Central Queensland NRL bid
- The original logo of the bid

Location
- Region: Central Queensland
- Proposed stadium: Browne Park, Rockhampton

Sport information
- Sport: Rugby league
- League: National Rugby League (NRL)

History
- First proposed: March 2009

= Central Queensland NRL bid =

The Central Queensland NRL bid is an ongoing campaign advocating for a Central Queensland rugby league team to enter the National Rugby League competition, as it expands to a 20-team competition.

Officially launched in April 2009, the bid was originally spear-headed by Rockhampton businessman Geoff Murphy.

In April 2026, the consortium was preparing a case for the Australian Rugby League Commission arguing that a Rockhampton-based team should be granted a license to potentially enter the NRL as its 20th team.

==History and bid region==

Rugby league has been played in Central Queensland for over a century and is currently represented in the Queensland Cup by the Central Queensland Capras. With a lengthy list of rugby league players from Central Queensland who have played in the NRL competition, the region is often described as the sport's "heartland."

The bid aims to unite a region from Bundaberg in the south to Mackay in the north and west to the state border. Local government areas in the bid region, such as Rockhampton Regional Council and Mackay Regional Council also officially support the bid.

In 2018, Murphy commended former Queensland premier and incoming ARLC chairman Peter Beattie for expressing the view that expansion should be a top priority for the NRL, with Murphy stating: “Good on him for coming out and putting expansion back on the table. The CQ bid will be ready to go whenever we are called upon.”
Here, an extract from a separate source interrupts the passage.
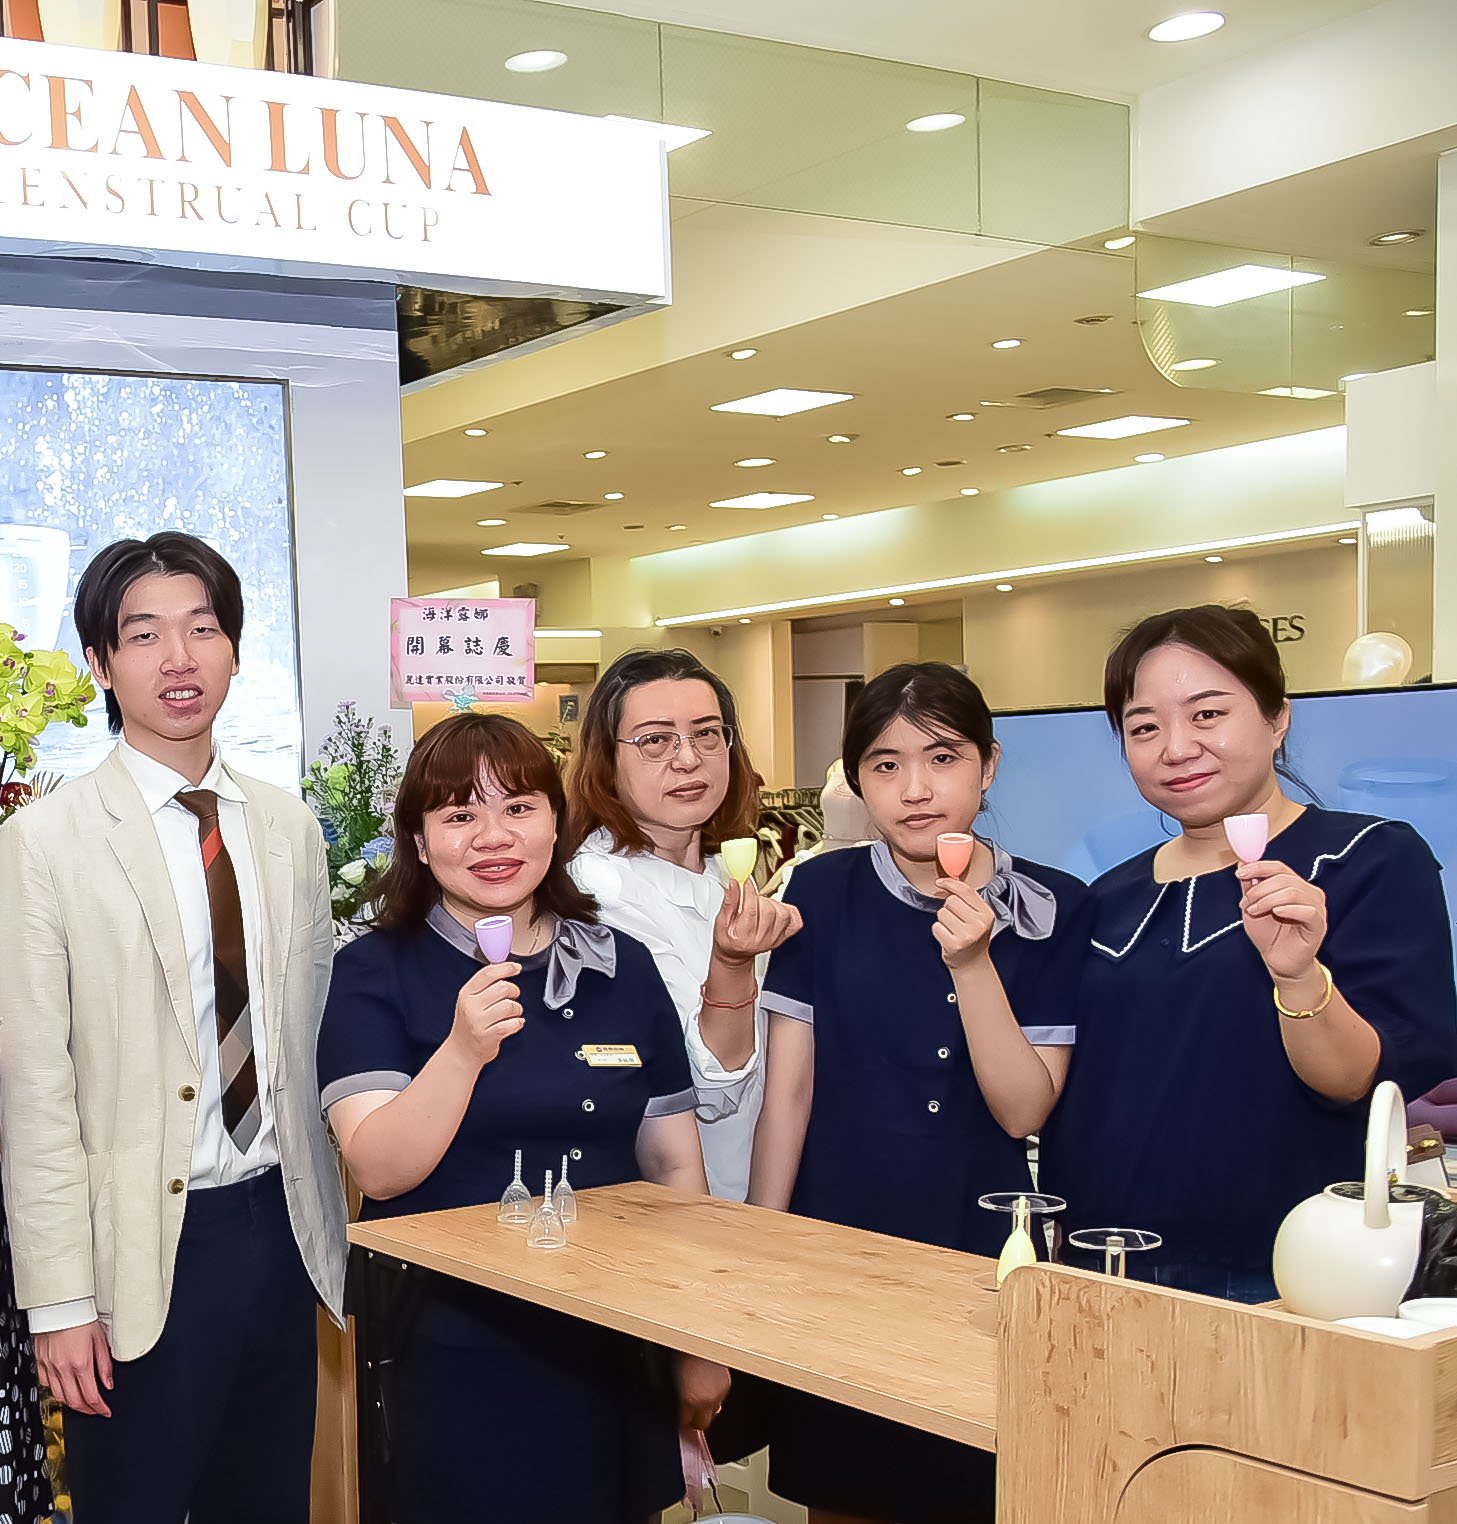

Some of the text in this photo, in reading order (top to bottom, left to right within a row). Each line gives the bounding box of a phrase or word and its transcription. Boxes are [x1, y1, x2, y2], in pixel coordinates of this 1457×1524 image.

[259, 99, 493, 196] LUNA
[347, 199, 440, 242] CUP
[422, 606, 489, 621] 海洋露娜
[406, 635, 513, 656] 開幕誌慶
In 2021, three NRL games were played in Rockhampton - the Round 23 match between the Wests Tigers and the Cronulla-Sutherland Sharks, the Round 24 match between the St George Illawarra Dragons and the North Queensland Cowboys and the elimination final between the Parramatta Eels and the Newcastle Knights. The three games attracted attendance figures of 2,863, 4,487 and 5,087 respectively.

Despite the death of inaugural CQ NRL Bid chairman Geoff Murphy in 2023, the CQ NRL Bid continues to receive endorsements and support from various quarters.
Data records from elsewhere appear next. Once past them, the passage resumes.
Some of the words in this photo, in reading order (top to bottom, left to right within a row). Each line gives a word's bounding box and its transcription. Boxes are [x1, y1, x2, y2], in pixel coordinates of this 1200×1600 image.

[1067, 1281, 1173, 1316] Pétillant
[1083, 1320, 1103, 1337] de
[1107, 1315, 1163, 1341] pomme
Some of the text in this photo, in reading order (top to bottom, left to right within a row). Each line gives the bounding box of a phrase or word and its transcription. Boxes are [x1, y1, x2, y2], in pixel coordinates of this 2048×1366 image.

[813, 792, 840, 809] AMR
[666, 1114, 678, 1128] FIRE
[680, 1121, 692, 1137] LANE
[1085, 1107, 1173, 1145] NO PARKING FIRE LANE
In April 2026, QRL chief executive officer Ben Ikin endorsed the CQ NRL Bid, stating that it would create competitive tension with the Ipswich-aligned Western Corridor NRL bid.

==Home ground==
Rockhampton's largest stadium is Browne Park and is home to the Central Queensland Capras. The bid has proposed that the club will play out of a new stadium to be built in Rockhampton, called CQ Stadium & Convention Centre.

In July 2013 both sides of government promised a detailed design and feasibility study for a new stadium to be conducted and carried out before 2015. Upon promising funding for the feasibility study, prime minister Kevin Rudd endorsed the CQ NRL bid, stating: “I have a pretty simple view about this myself- I think it’s time Central Queensland had a go”.

Following the ground hosting the three NRL games in 2021, the venue underwent a $62.78 million redevelopment, which included replacing the old 564-seat grandstand with a larger grandstand which seats 3,253 spectators. The full ground capacity also increased to 5,000 to 10,000 with the venue also able to accommodate 18,000 people for concerts and stage events.

Bid Chairman Geoff Murphy maintained that while the club would call Rockhampton home, both trials and premiership matches could be taken to other cities in the CQ NRL bid region such as Mackay when the team is admitted to the NRL.

==Junior Development Program==
Since 2011 the bid has run junior development camps and organised matches against Northern Pride junior teams, as well as matches against Marsden State High School in Brisbane and Keebra Park State High School on the Gold Coast.

==Community==
A public petition was launched in June 2009 and had reached 30,000 signatures by 2011. The bid also envisions the development of feeder teams in the Queensland Cup such as Bundaberg to provide direct pathways for juniors to progress into the NRL team. In 2011 CQ University partnered with the bid to become a major sponsor and in return will provide academic scholarships for players.